Booman Tribune

Tribal Conflict in America

by danps
Sat Mar 29th, 2008 at 05:18:07 AM EST

Political discouse seems to have degraded recently and the real culprit may have nothing to so with current events.

For more on pruning back executive power see Pruning Shears.

There's been a question rattling around my brain for a while now:  Where have the Second Amendment champions been the last few years?  Those in favor of liberal gun ownership laws usually speak about it in abstract terms, most commonly harmony with the land and guarantees of liberty.  The first argument hasn't been seriously challenged, but what are their thoughts these days about checks against a tyrannical government?  Shouldn't the burgeoning surveillance state be anathema to them?  Isn't this the kind of issue they should be up in arms (har) about?  I would have thought the massive increases in spying and indiscriminate data sweeps would be an unsupportable infringement of their liberty.

The least charitable explanation is that they don't really believe all the high-flown language they spout - they really just like making big noises and blowing stuff up.  I don't buy it, though.  There are people like that in the world but not enough to sustain a movement.  It could be they don't really bother unless a physical intrusion is imminent.  If ATF agents are rolling towards your house it's time to man the barricades, but if the FBI is quietly vacuuming up every email and phone call it isn't such a big deal.  That seems possible, but I suspect if they are concerned enough to consider gun control an intolerable intrusion by the government they are also emphatically opposed to anything else that smacks of it.  Maybe they figure they've got their hands full with firearms rights and can't spare the effort elsewhere.  But that just leaves me with the nagging feeling that they know something really bad is happening and on balance are OK with it.  What causes a group to assent to a situation that goes against its core beliefs?  The only explanation that adds up is tribal loyalty.

It may be officially neutral on politics but firearms groups like the NRA have been largely associated with Republicans and the right wing for a long time (I know there are exceptions - I wrote "largely" not "entirely").  Political affiliation is a tribal membership, and those ties create a sense of identification that resides at a very basic level.  We typically think of tribal conflict as something that only happens in remote and undeveloped areas, but believing that blinds us to the fundamental ways we align with different groups.  And for the record I do not consider myself immune to it.  I think it explains a great deal of the contemporary political landscape.  In the case above it explains why a group might generally ignore a development that strikes at the very heart of one of its central concerns.  Loyalty to the tribe dictates a decorous silence until the presidency goes to a more palatable opponent.  We tend to dismiss such light treatment of ideals as hardball politics, but more accurately it's loyalty to the tribe.
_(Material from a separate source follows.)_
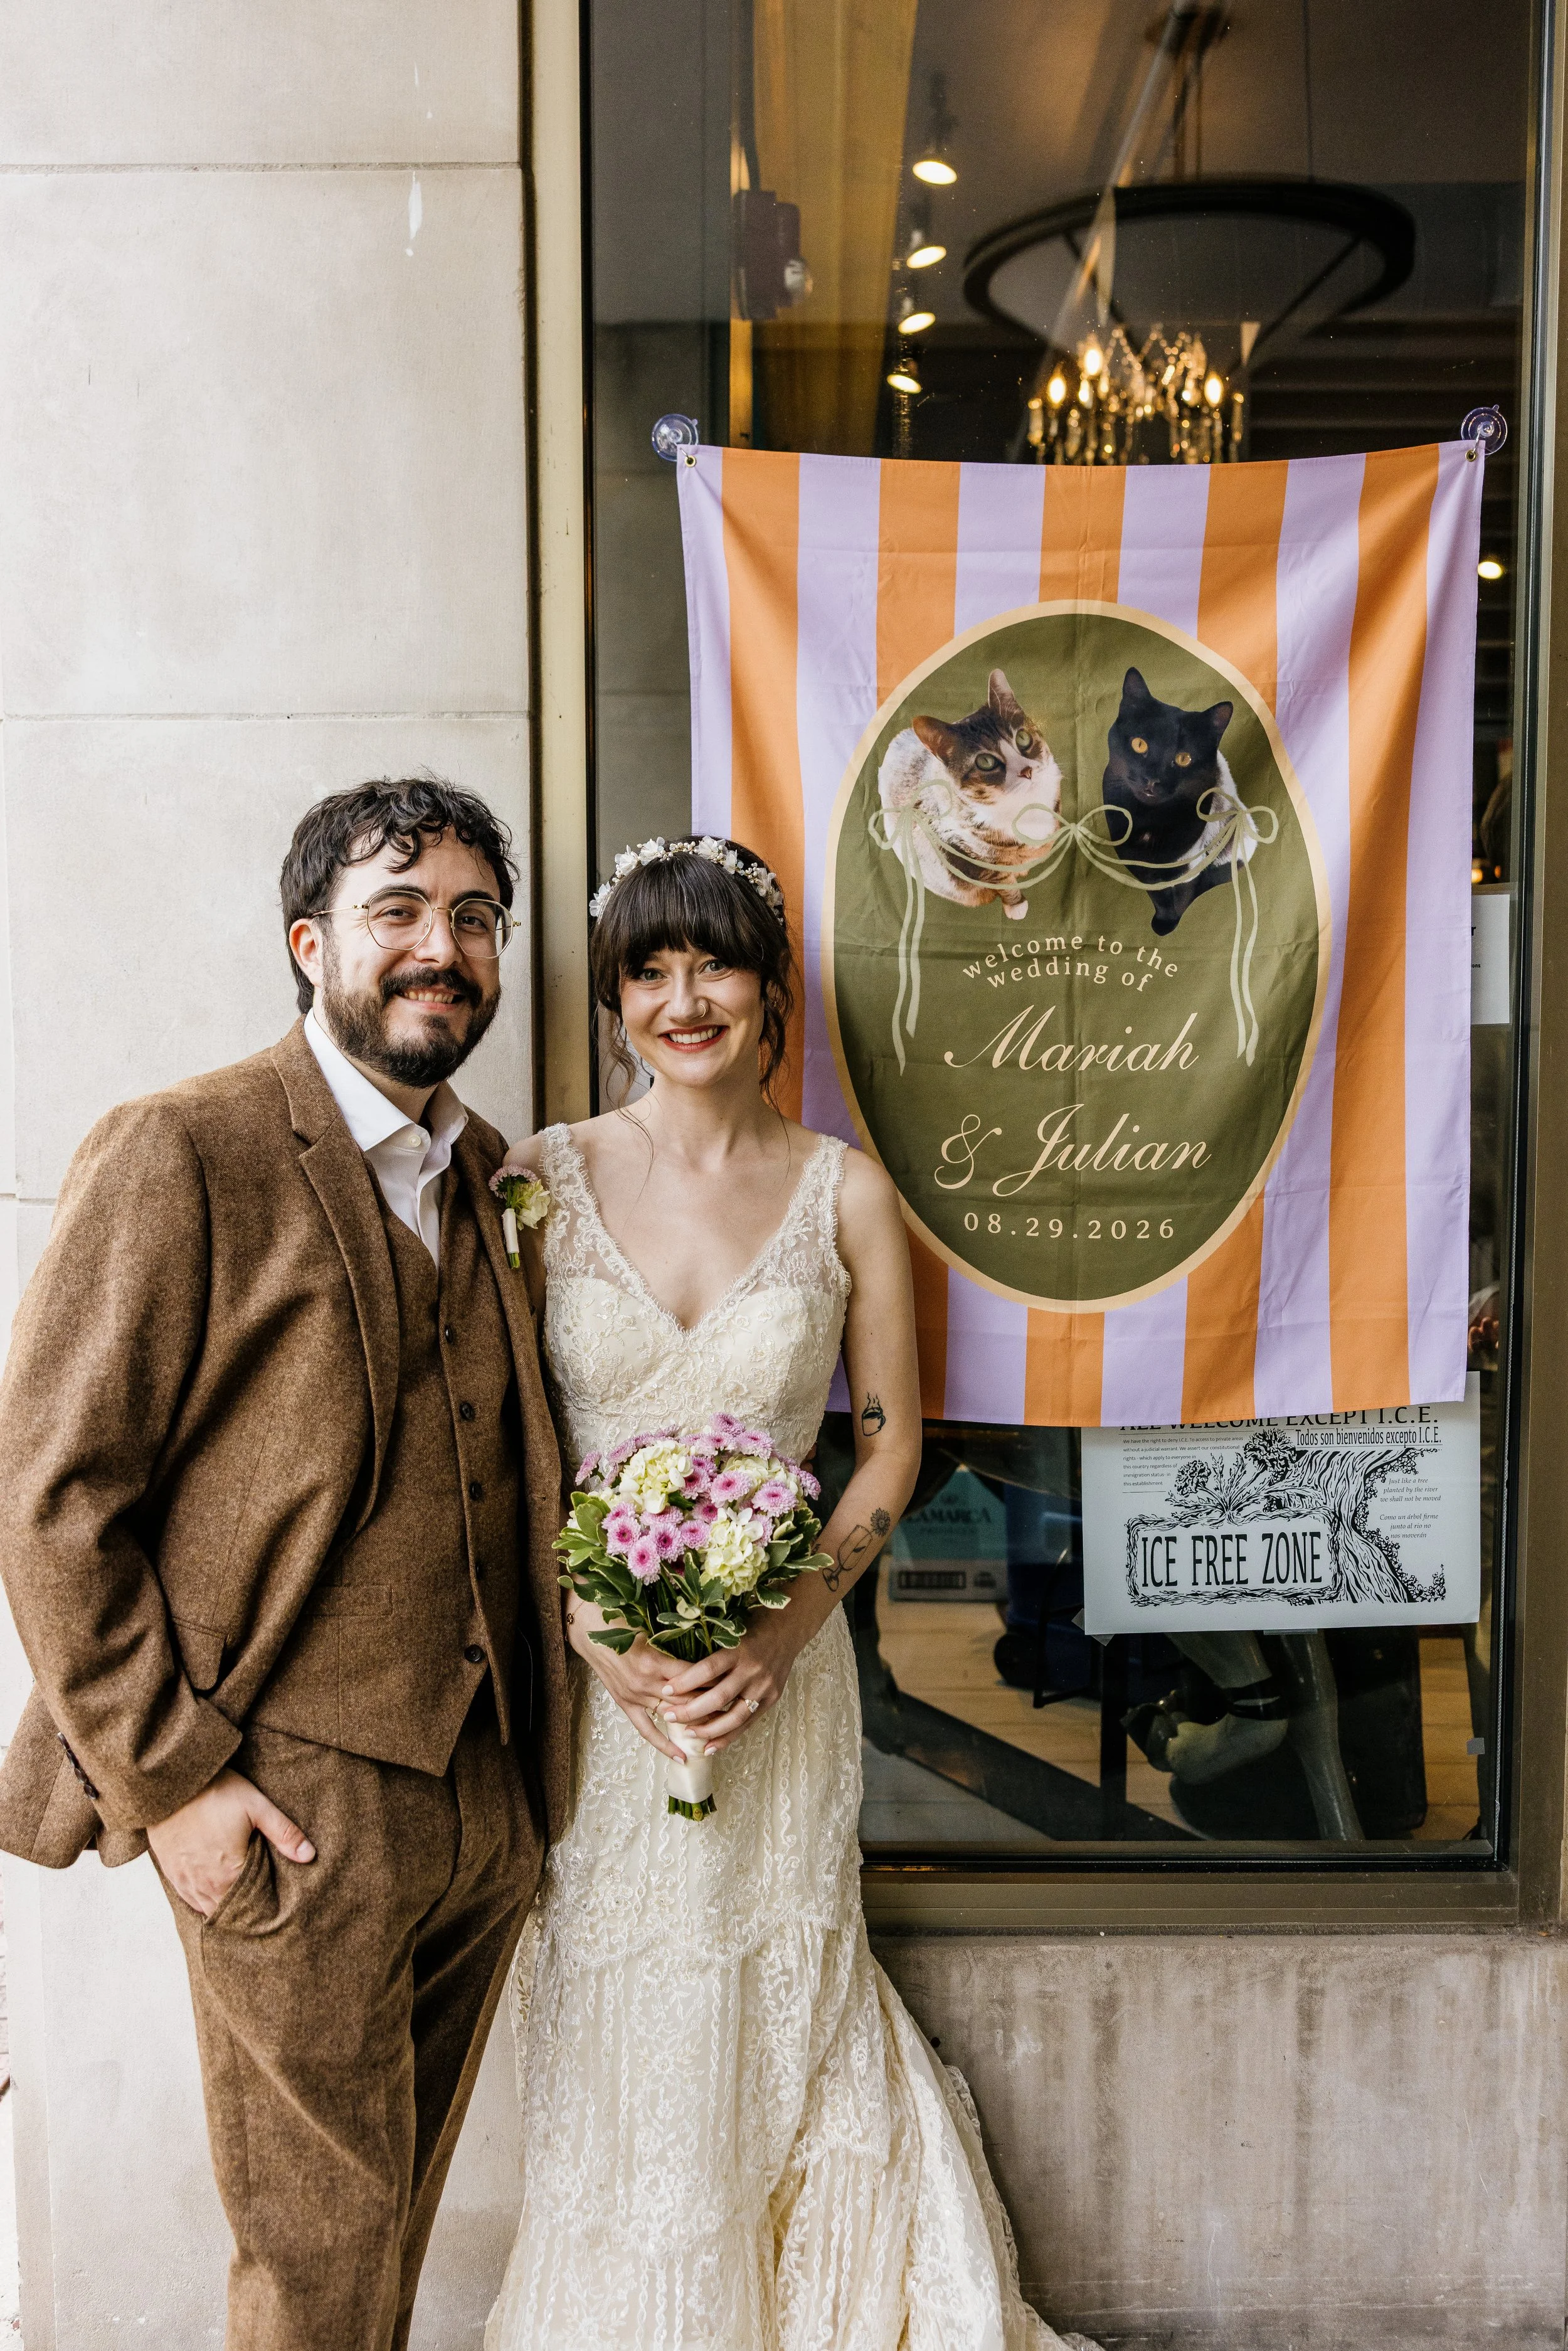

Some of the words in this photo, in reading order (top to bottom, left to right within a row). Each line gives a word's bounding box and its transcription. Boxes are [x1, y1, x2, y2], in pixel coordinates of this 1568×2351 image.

M.J. Rosenberg wrote of Charles Krauthammer this week "[h]e believes that Israel must triumph in every situation because it is innately right while the Arabs are innately wrong", which is as nice a summary of tribal thinking as you will find.  James Carville compares Bill Richardson to Judas, Merrill McPeak compares Bill Clinton to Joseph McCarthy - these are coming from people in "camps" with clearly drawn boundaries, and they glare suspiciously out from them.  I don't think it's enough to say politics ain't beanbag and this is how the game is played.  It isn't just semantics - describing it as, say, overheated rhetoric instead of tribalism is extremely significant.  For one, it tends to minimize the intent of it and disguise the motivation behind it.  More importantly it keeps us from confronting how it drives our own actions, or from acknowledging when it prompts us to dismiss principles we claim to cherish.

Maybe I have been oblivious to it all my life, but it seems that the razor-thin and contested election in 2000 and terrorist attack the following year either created or revealed tribal identities that had gone unnoticed for a long time.  Many retreated into territories defined by politics and religion.  In this historic primary season it has happened again, now along racial and gender lines.  It isn't absolute by any means, just much more clearly marked.  All of it is driven by group identification, and in that sense it comes from a level too low to be reached by persuasion.  It may be dressed up in formal clothes, sober tones, a big vocabulary and impressive rationalizations, but much of the time what passes for dialog seems to come from some of our most primitive instincts.



Display:
Welcome to the world of politics - which is largely about relationships rather than ideals, people rather than policies.  "We won't attack your surveillance if you don't try to take our guns" may well be the Faustian pact engaged in my the NRA.  Just wait and see how vociferously they will attack the "police state" if the Dems take the Presidency and do try to do something about gun control.  

You see big Government isn't about giving Billions to the Banks, it's about taking guns off the little people.  Surveillance is what we do to the other guys, and only becomes a problem if the other guys get into power - where they can do it to us.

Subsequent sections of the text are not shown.